City Spotlight: Exploring the history of Liberty, Missouri

Dan Weinbaum
February 13, 2019 - 6:06 am

Liberty, MO - This city of around 30,000 residents on the Northeast edge of the KC Metro was settled around 1820, about a generation before the founding of Kansas City.

At the time it was the farthest town west, on the edge of the American frontier.

"There was a push for law and order, we had a lot of lawyers early on, a focus on education, we were far enough from the river not to have problems with vermin and disease that closer towns had," said Chery Carr Holtman, curator of the Clay County Museum. 

Liberty was the first town in the KC Metro that has lasted to the present day.

"A lot of towns didn't survive past being maybe a gas station stop on the road, so I think Liberty is unique in that and I hope it continues to be unique," Carr Holtman said.

Downtown Liberty still echos much of its 19th century history.

Liberty and Clay County were once part of a region known as Little Dixie, because it was settled by landowners from Kentucky, Tennessee and other areas of the South. The county was settled to replicate the Southern plantation economy.
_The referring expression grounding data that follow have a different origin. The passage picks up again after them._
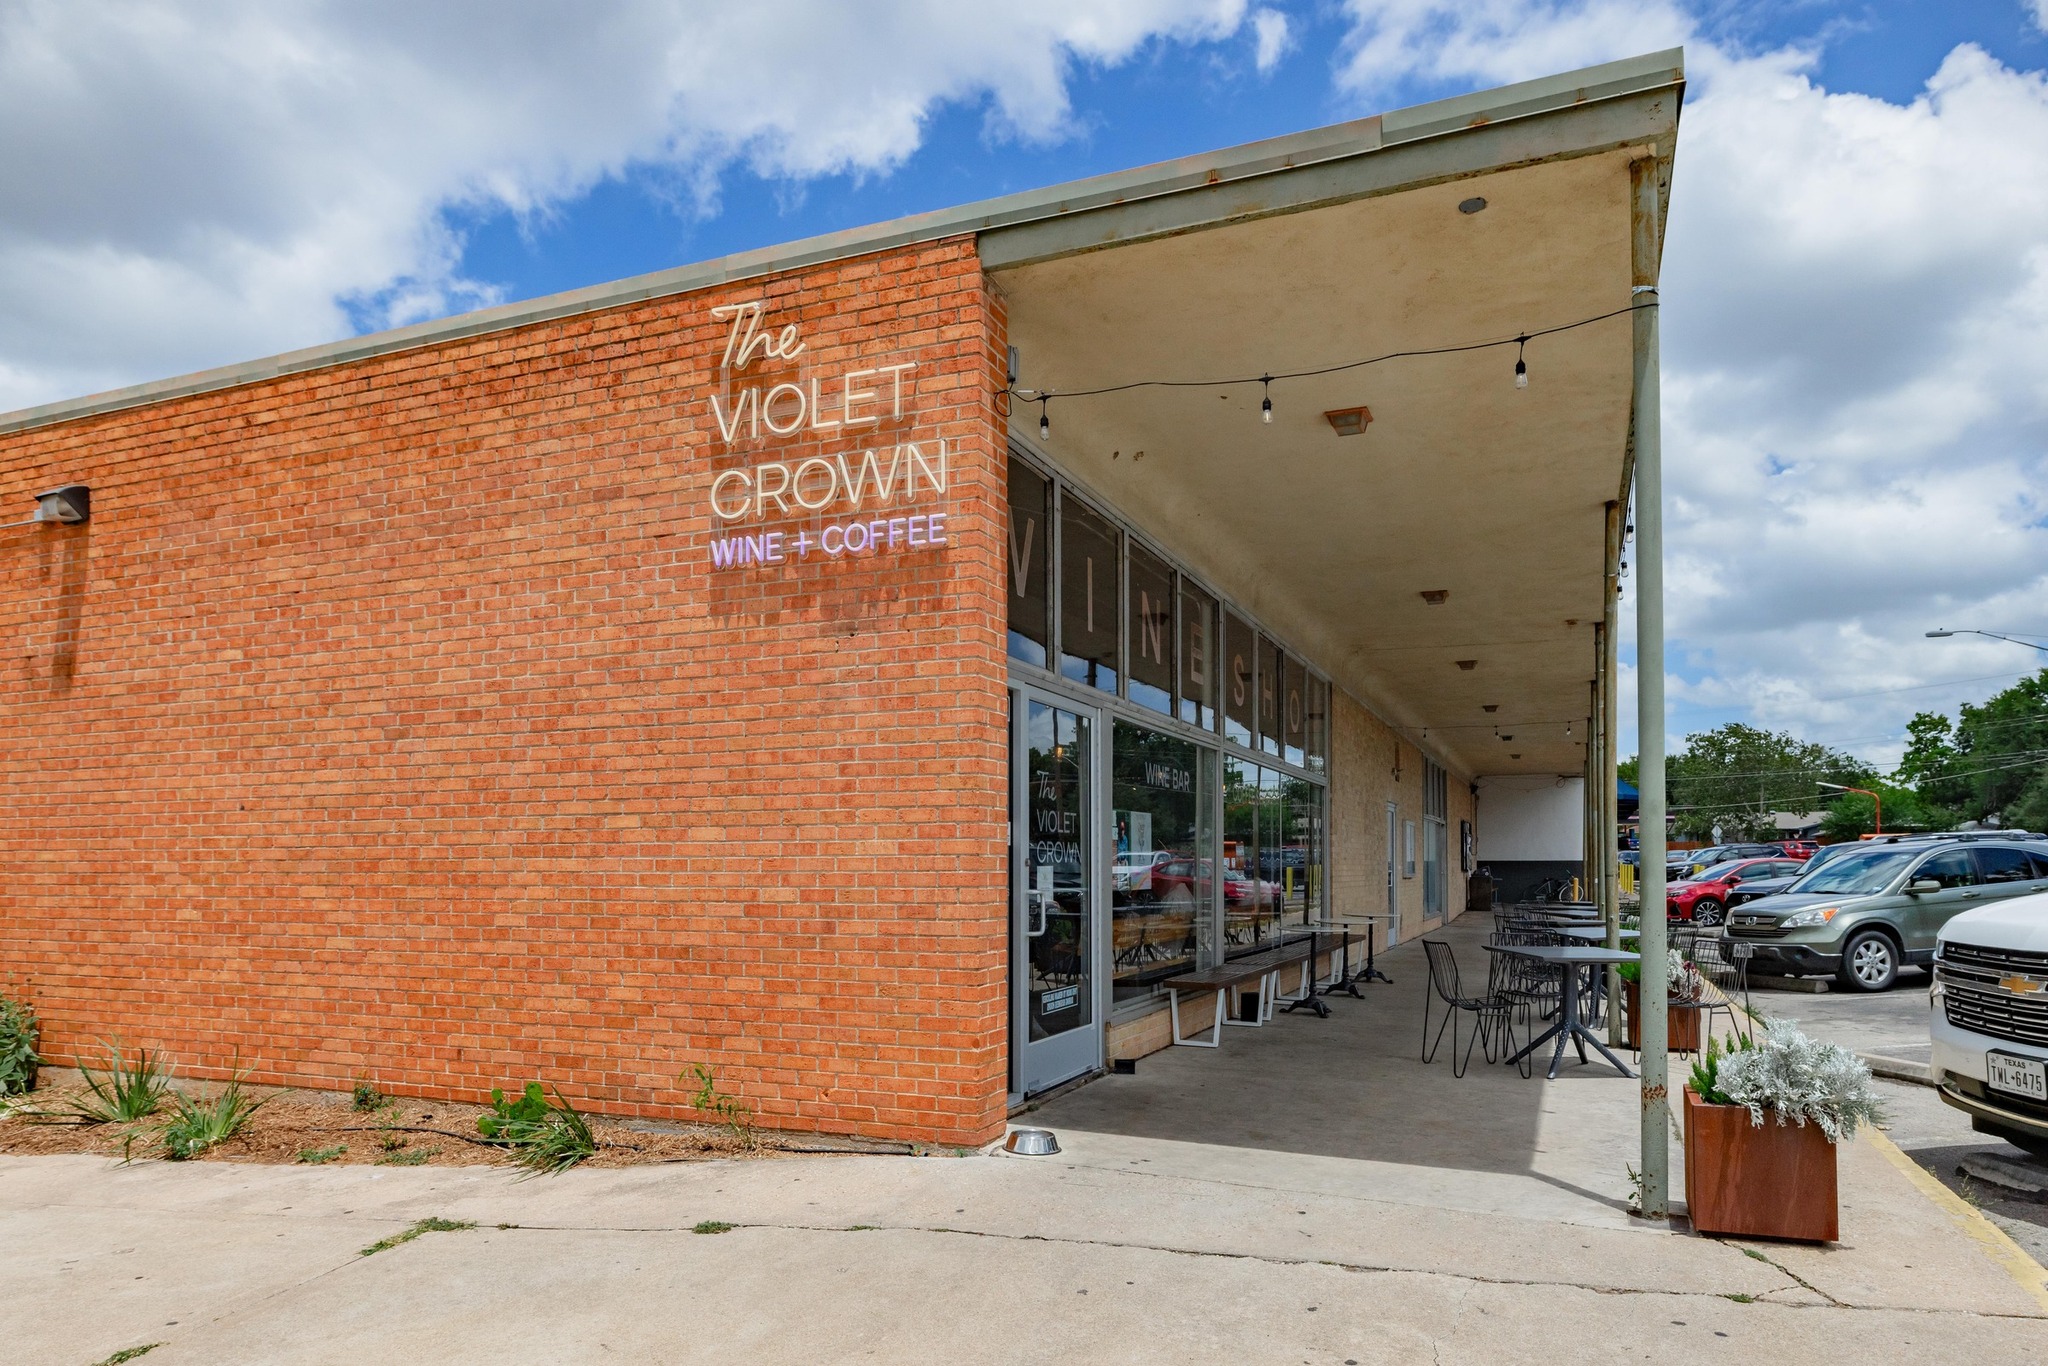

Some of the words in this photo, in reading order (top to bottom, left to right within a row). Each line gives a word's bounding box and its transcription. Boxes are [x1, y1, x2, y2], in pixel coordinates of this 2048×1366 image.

[711, 302, 806, 367] The
[711, 361, 919, 442] VIOLET
[711, 439, 946, 519] CROWN
[711, 532, 783, 566] WINE
[792, 531, 813, 555] +
[821, 513, 947, 554] COFFEE
[1037, 770, 1057, 801] The
[1145, 761, 1170, 788] WINE
[1172, 768, 1190, 792] BAR
[1037, 809, 1077, 834] VIOLET
[1037, 841, 1081, 864] CROWN
[2003, 1058, 2026, 1069] TEXAS
At the time of the Civil War, slaves made up a third of Clay County's population.  

Carr Holtman says the landowners, and other groups who didn't own slaves, were southern sympathizers.

That sympathy among the people in Clay County fed into the Border War between Missouri and Kansas, which then played out during the Civil War.

Liberty was occupied numerous times by Union troops.

Jesse James and his brother Frank were born not too far from Liberty in Clay County, near Kearney. 

The James brothers were bushwackers - pro-confederate guerrillas who rode with Quantrill and Bloody Bill.  After the Civil War they turned to revenge in the form of crime.  

So the story goes that Jesse and his brother Frank and their gang robbed a bank in broad daylight right on the Liberty Square in 1866.

"That's the story. Can't really prove it. Was it his gang? yes. Was he there, was Frank? Don't know," says Carr Holtman. "A local was shot, the first daylight bank robbery... but we really don't know. However they had a big impact on every town in this county."

Earlier in the 19th Century, Latter Day Saints Church founder Joseph Smith was incarcerated in the town jail following the first Mormon War that erupted nearby in the late 1830's. 

Liberty native - Alexander Doniphan - was the one who fought, and then saved Joseph Smith's life.

"And a bunch of militias were sent up under the governor's orders and fought them and they gave up," says Carr Holtman. "Major Doniphan was ordered to shoot the leaders including Joseph Smith. He refused, saying 'that's murder', and he demanded a trial.  He was a lawyer."

Doniphan was a defense attorney working in Liberty and in the surrounding counties.

He went on to great fame during the Mexican-American War, leading his troops on a campaign of 5,500 miles during the war. It's considered the longest military campaign since the times of Alexander the Great.

More recently, Liberty lived through the floods of 1951 and has recovered from tornadoes in 2003 and 2008.